Some of us who go back a ways in the Internet era now use the word as a punch line. We say “the Internet,” and then we crack up. I mean, come on, here we are in the middle of an economic miracle – a whole new culture, in fact – that is founded on a technology that (a) has no demonstrable way to pay for itself, (b) has no precise use, (c) doesn’t really work all that well, and (d) whose very existence has to do, fundamentally, with porn.

The Internet may not necessarily be a joke, but it’s certainly funny.

We have projected all kinds of fantasies – sexual yearnings and utopian visions and childhood dreams (come and see the teenagers in my house talking on the phone to the people they’re talking to on AOL; the dream is of absolute communication) – onto this piece of technology. In fact, the decade was not a product of the Internet; just the opposite. It’s the fantasies of people kicked out of the old economy who made the Internet come alive.

The oft-told story (I am one of the oft-tellers) of Louis Rossetto is certainly worth retelling. An itinerant sixties guy who floated through jobs and experiences (Afghanistan! Soft-core movies – a bit player in Caligula!), he is living in Amsterdam at the turn of the decade, the editor of a small and failing computer magazine, and is possessed by a utopian-ish vision. He combines his vision with a business plan. The business that he envisions is all about how technology will enhance our work, transform our communities, our very idea of community, transform the way we talk, relate, have sex. Three years later, after an extended process of raising money (raising capital becomes in the e-decade almost like voting; it is the way we participate in a capitalist democracy), Rossetto launches Wired magazine in January 1993. This is before the first Web browser exists – at this moment, practically speaking, there is no Internet. The one e-mail address in the first issue of the magazine is rendered incorrectly: nicholas@Internet. And yet, there it is, on the page, this imaginary new economy – waiting for the Internet to be born.

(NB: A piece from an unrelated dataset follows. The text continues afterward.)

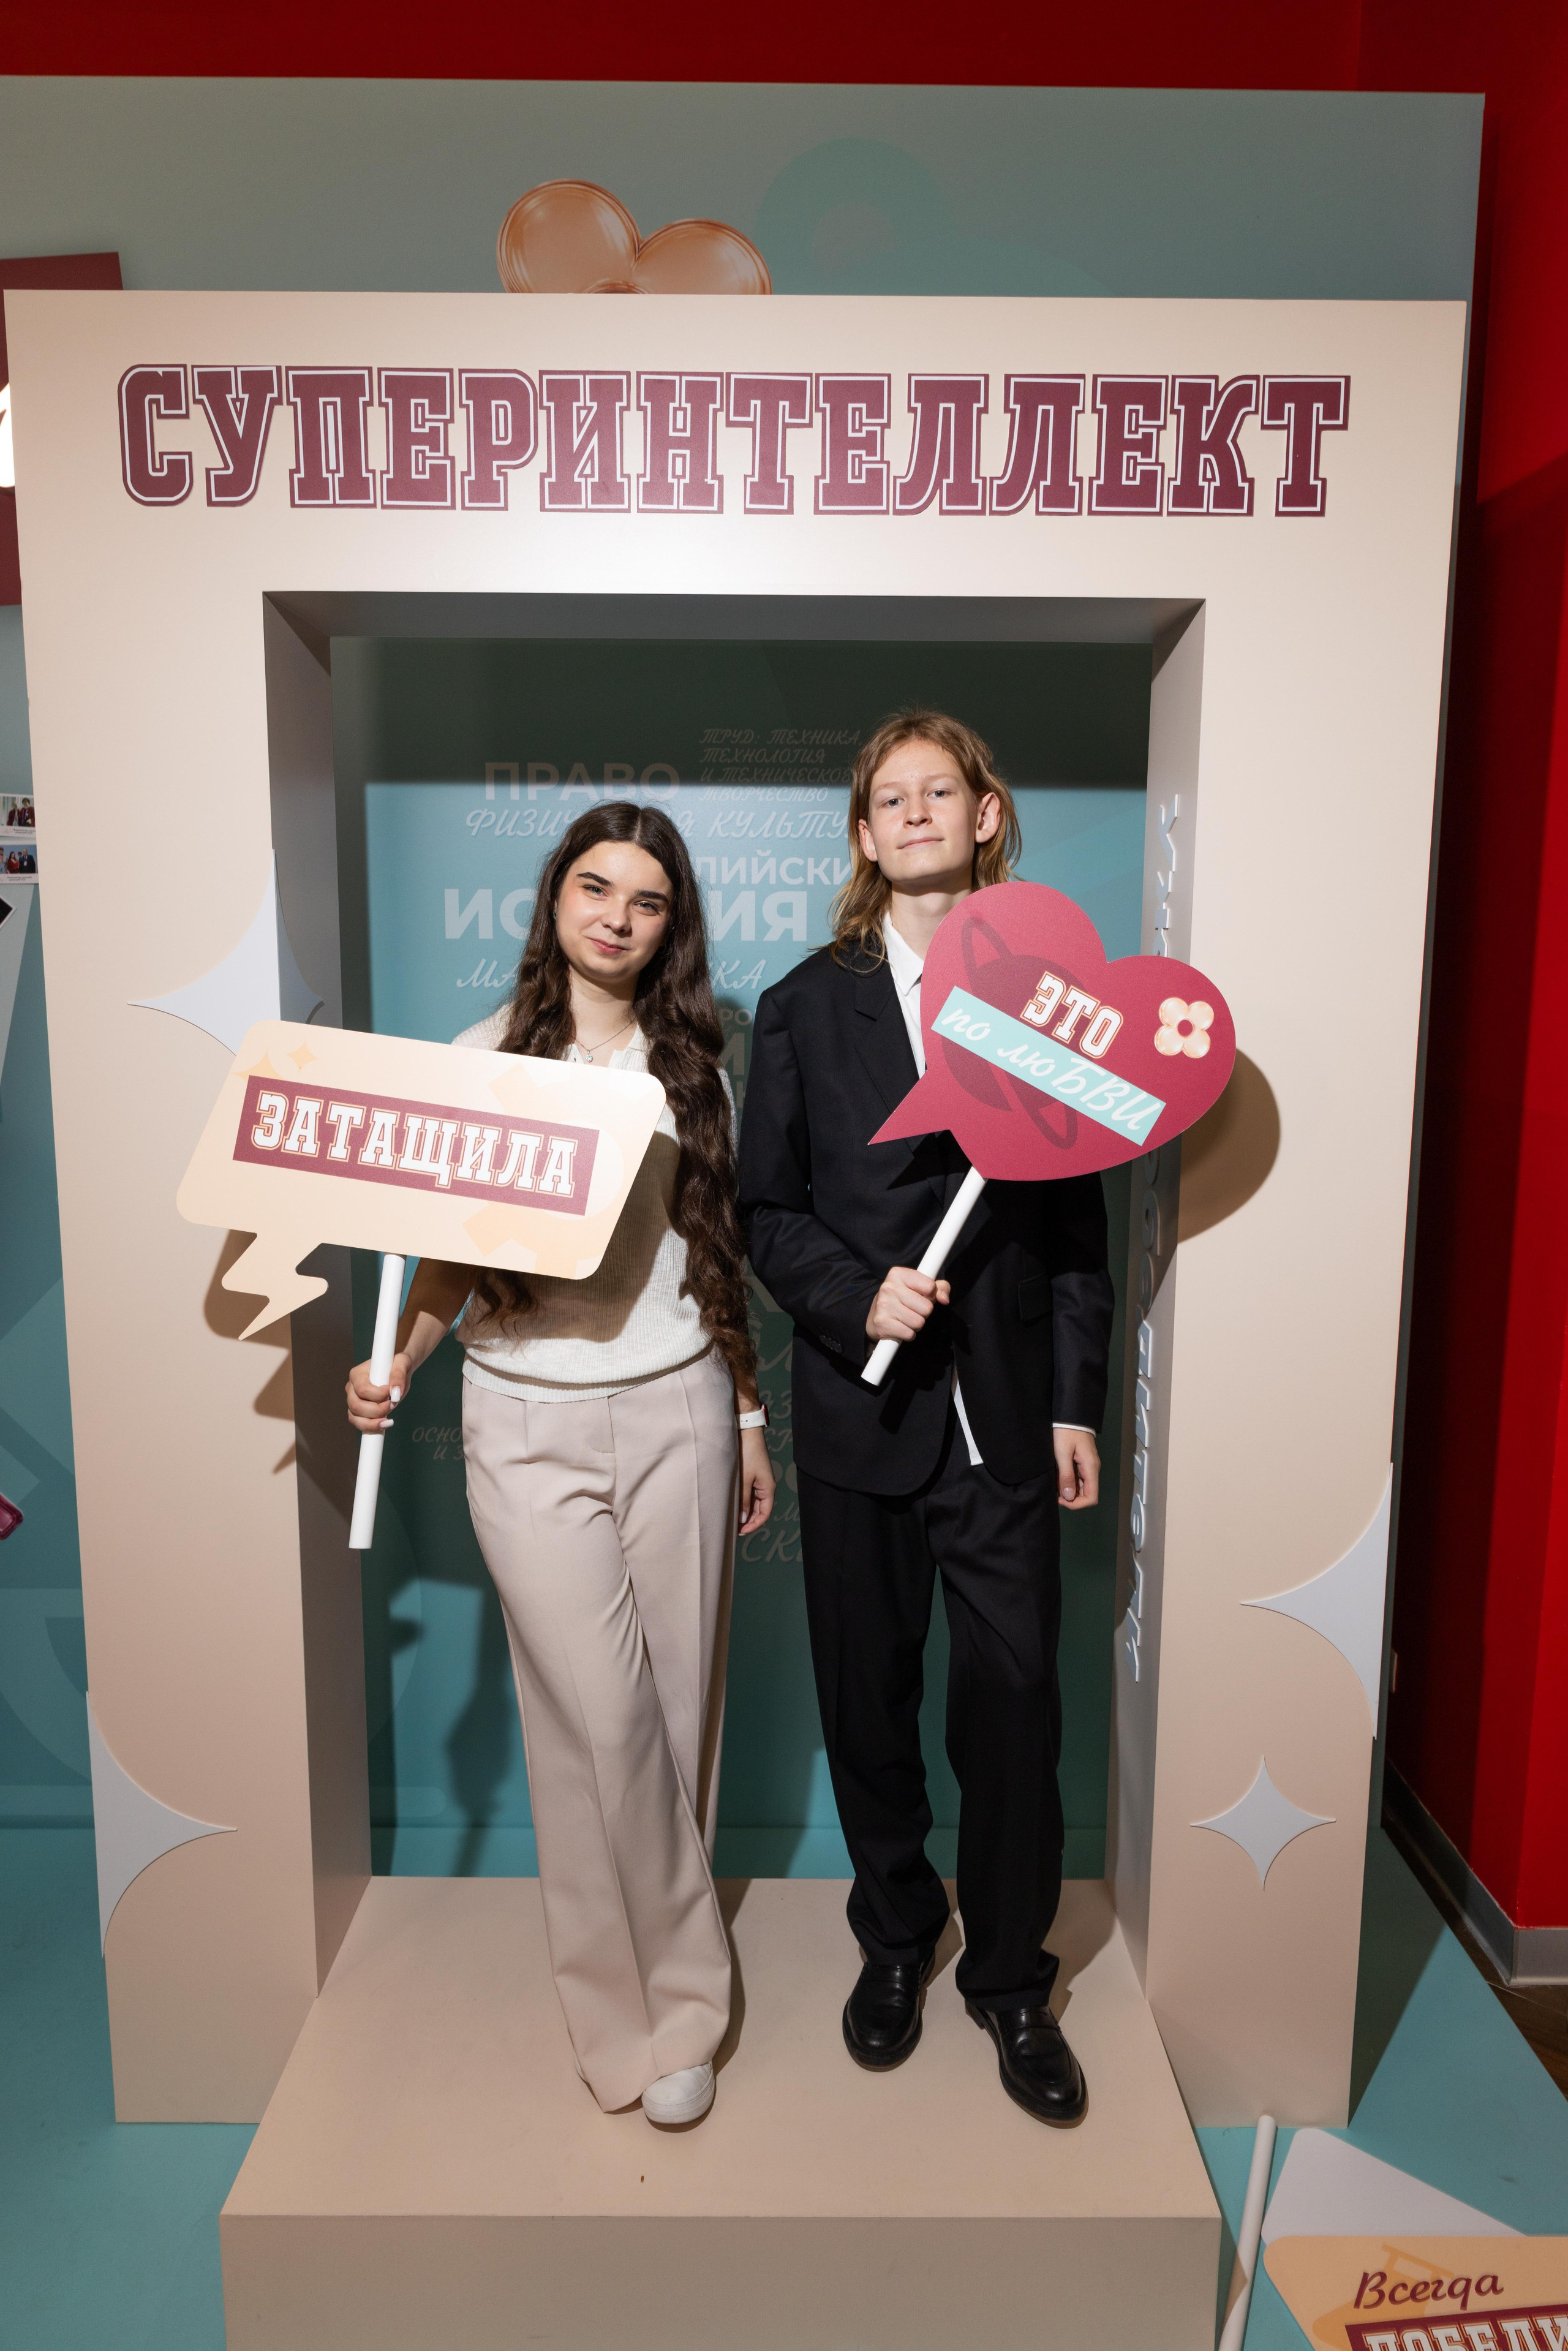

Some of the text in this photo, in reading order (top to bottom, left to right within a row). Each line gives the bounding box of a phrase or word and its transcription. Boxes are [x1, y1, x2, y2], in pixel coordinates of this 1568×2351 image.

Louis himself, though he is nearly the first to articulate the new economy, is strictly from the old economy. He is a Springsteen character. The chip on his shoulder is brutish.

He has a Robin Hood vision of the new age. The centralized, corporatized, bureaucratized economy is run by the Sheriff of Nottingham, who, in Louis’s vision, faces a forest of entrepreneurs, of disintermediated communication, of individual desktop tools, of new, sudden, communities of resistance (communities of interest, they are called); in other words, of people who are sick and tired of … well, it is not always clear what they are sick and tired of.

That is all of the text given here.